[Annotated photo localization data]
[Start of section]

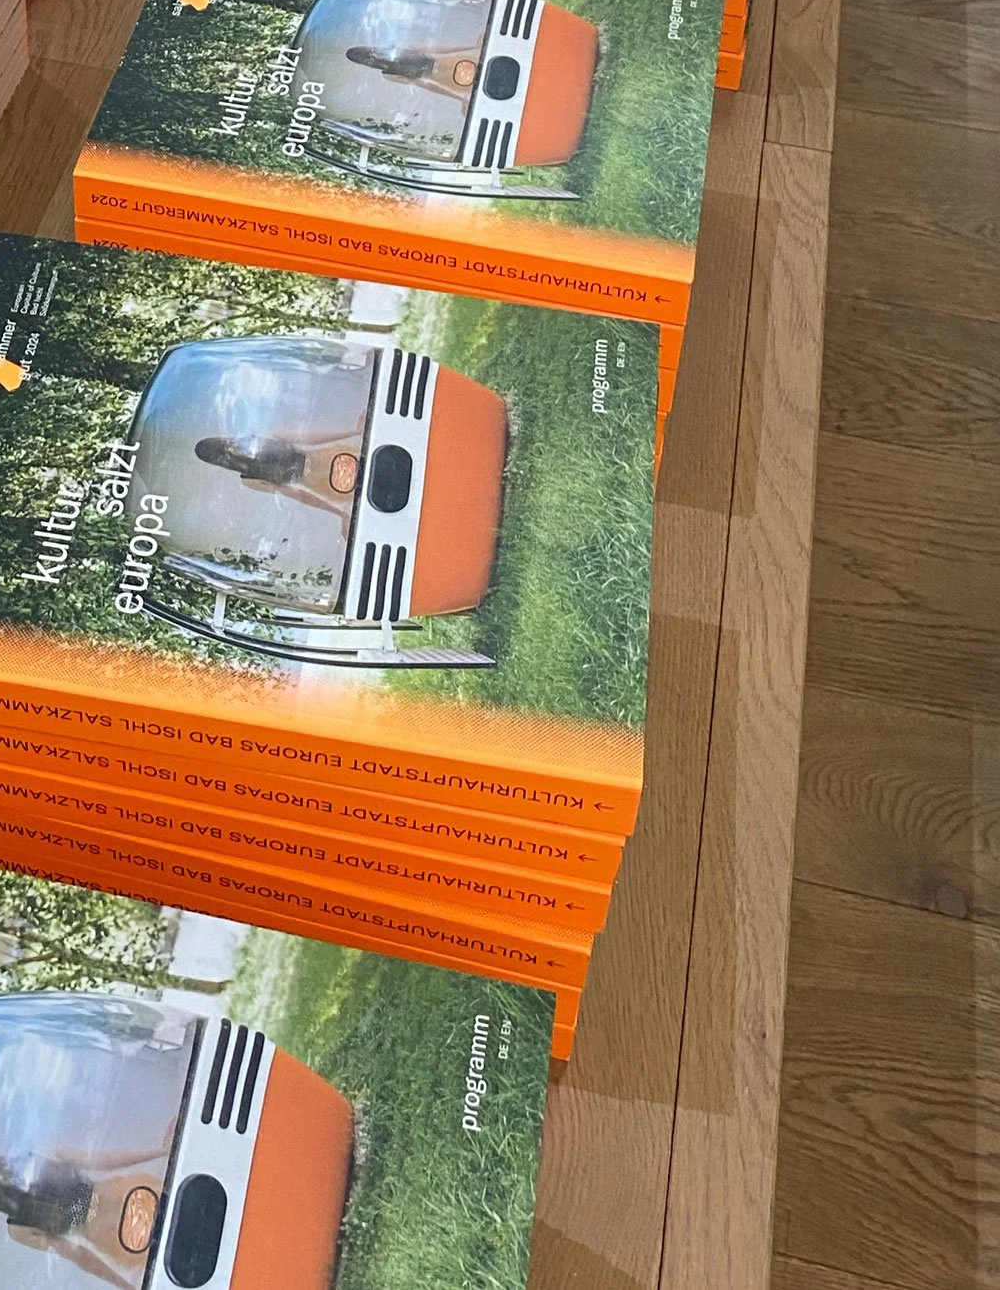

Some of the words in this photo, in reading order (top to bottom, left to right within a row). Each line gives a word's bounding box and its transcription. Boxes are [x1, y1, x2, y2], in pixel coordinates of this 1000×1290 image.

[267, 45, 302, 96] salzt
[209, 72, 258, 136] kultur
[282, 81, 327, 157] europa
[91, 193, 127, 209] 2024
[132, 201, 278, 235] SALZKAMMERGUT
[284, 227, 332, 245] ISCHL
[338, 237, 372, 252] BAD
[378, 244, 456, 267] EUROPAS
[463, 260, 646, 301] KULTURHAUPTSTADT
[25, 332, 41, 356] 2024
[592, 339, 609, 413] programm
[96, 441, 141, 517] salzt
[21, 483, 85, 584] kultur
[115, 494, 171, 614] europa
[119, 718, 181, 739] ISCHL
[189, 731, 232, 748] BAD
[240, 740, 341, 767] EUROPAS
[116, 759, 176, 781] ISCHL
[184, 774, 226, 791] BAD
[350, 759, 583, 809] KULTURHAUPTSTADT
[234, 783, 332, 812] EUROPAS
[114, 807, 173, 828] ISCHL
[180, 821, 221, 839] BAD
[339, 805, 567, 859] KULTURHAUPTSTADT
[107, 848, 164, 871] ISCHL
[229, 831, 325, 860] EUROPAS
[171, 865, 211, 883] BAD
[332, 853, 556, 908] KULTURHAUPTSTADT
[218, 876, 312, 908] EUROPAS
[320, 903, 537, 964] KULTURHAUPTSTADT
[501, 1019, 512, 1035] EN
[498, 1044, 509, 1059] DE
[462, 1014, 490, 1131] programm
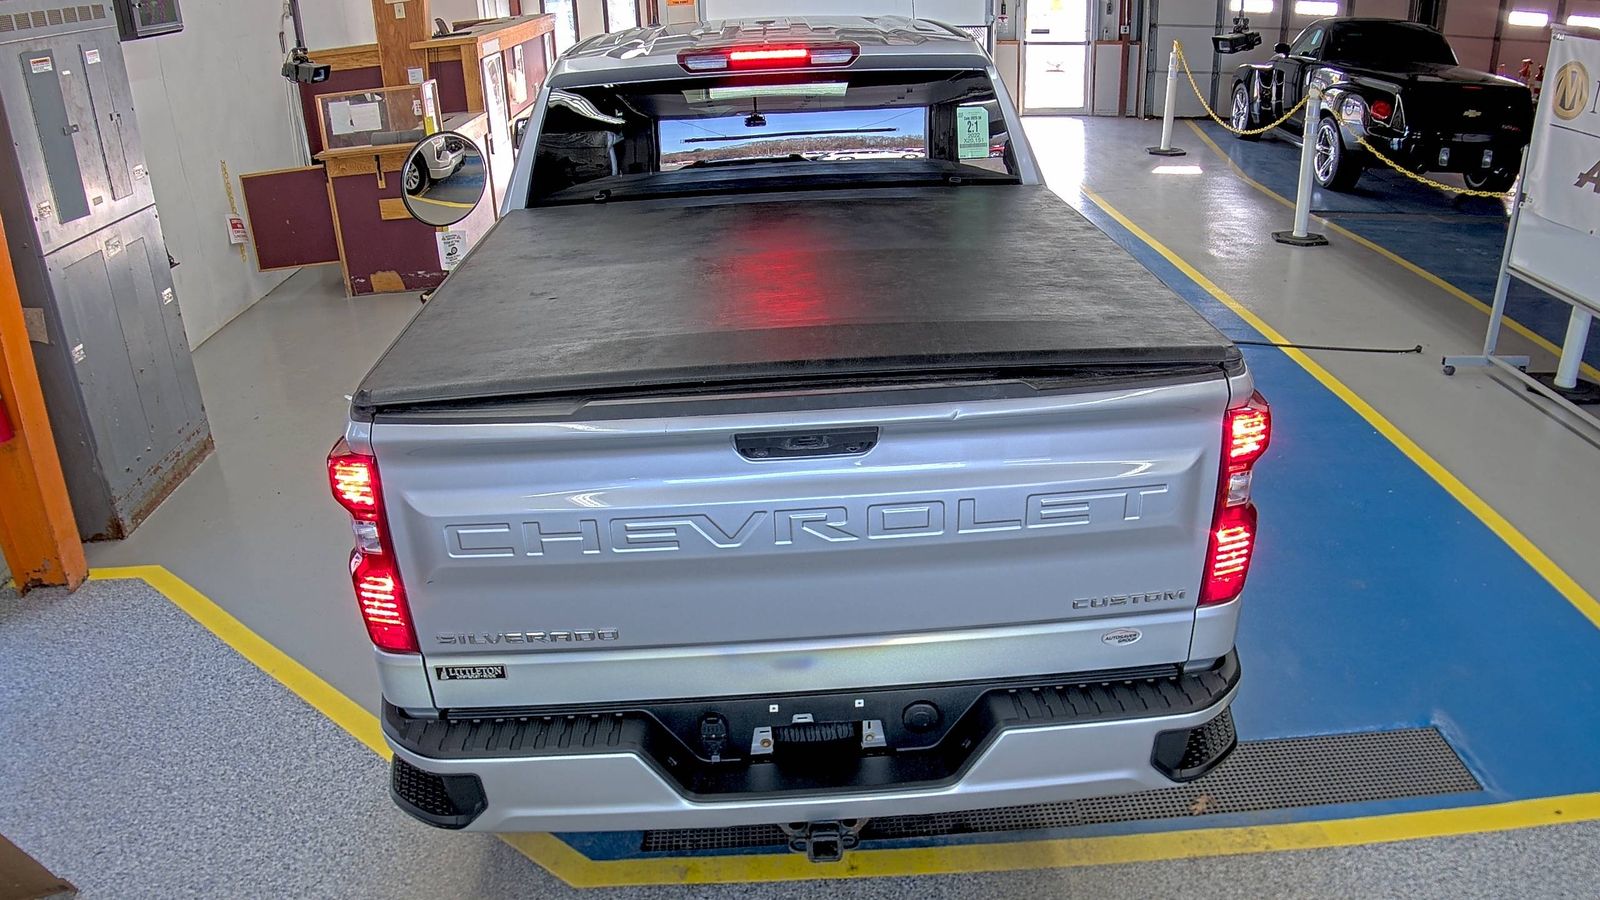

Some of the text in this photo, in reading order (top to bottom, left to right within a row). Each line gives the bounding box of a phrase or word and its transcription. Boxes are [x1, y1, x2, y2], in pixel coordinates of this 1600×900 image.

[443, 483, 1169, 558] CHEVROLET
[1072, 589, 1187, 609] CUSTOM
[436, 627, 619, 646] SILVERADO
[1104, 633, 1137, 641] AUTOSAVER
[448, 667, 502, 676] LITTLETON

[End of section]

(Your assignment): What is needed is an exact copy of all the data, with no images in it.

(Finished task):
Some of the words in this photo, in reading order (top to bottom, left to right within a row). Each line gives a word's bounding box and its transcription. Boxes are [x1, y1, x2, y2], in pixel coordinates of this 1000×1290 image.

[267, 45, 302, 96] salzt
[209, 72, 258, 136] kultur
[282, 81, 327, 157] europa
[91, 193, 127, 209] 2024
[132, 201, 278, 235] SALZKAMMERGUT
[284, 227, 332, 245] ISCHL
[338, 237, 372, 252] BAD
[378, 244, 456, 267] EUROPAS
[463, 260, 646, 301] KULTURHAUPTSTADT
[25, 332, 41, 356] 2024
[592, 339, 609, 413] programm
[96, 441, 141, 517] salzt
[21, 483, 85, 584] kultur
[115, 494, 171, 614] europa
[119, 718, 181, 739] ISCHL
[189, 731, 232, 748] BAD
[240, 740, 341, 767] EUROPAS
[116, 759, 176, 781] ISCHL
[184, 774, 226, 791] BAD
[350, 759, 583, 809] KULTURHAUPTSTADT
[234, 783, 332, 812] EUROPAS
[114, 807, 173, 828] ISCHL
[180, 821, 221, 839] BAD
[339, 805, 567, 859] KULTURHAUPTSTADT
[107, 848, 164, 871] ISCHL
[229, 831, 325, 860] EUROPAS
[171, 865, 211, 883] BAD
[332, 853, 556, 908] KULTURHAUPTSTADT
[218, 876, 312, 908] EUROPAS
[320, 903, 537, 964] KULTURHAUPTSTADT
[501, 1019, 512, 1035] EN
[498, 1044, 509, 1059] DE
[462, 1014, 490, 1131] programm

Some of the text in this photo, in reading order (top to bottom, left to right within a row). Each line gives the bounding box of a phrase or word and its transcription. Boxes are [x1, y1, x2, y2], in pixel coordinates of this 1600×900 image.

[443, 483, 1169, 558] CHEVROLET
[1072, 589, 1187, 609] CUSTOM
[436, 627, 619, 646] SILVERADO
[1104, 633, 1137, 641] AUTOSAVER
[448, 667, 502, 676] LITTLETON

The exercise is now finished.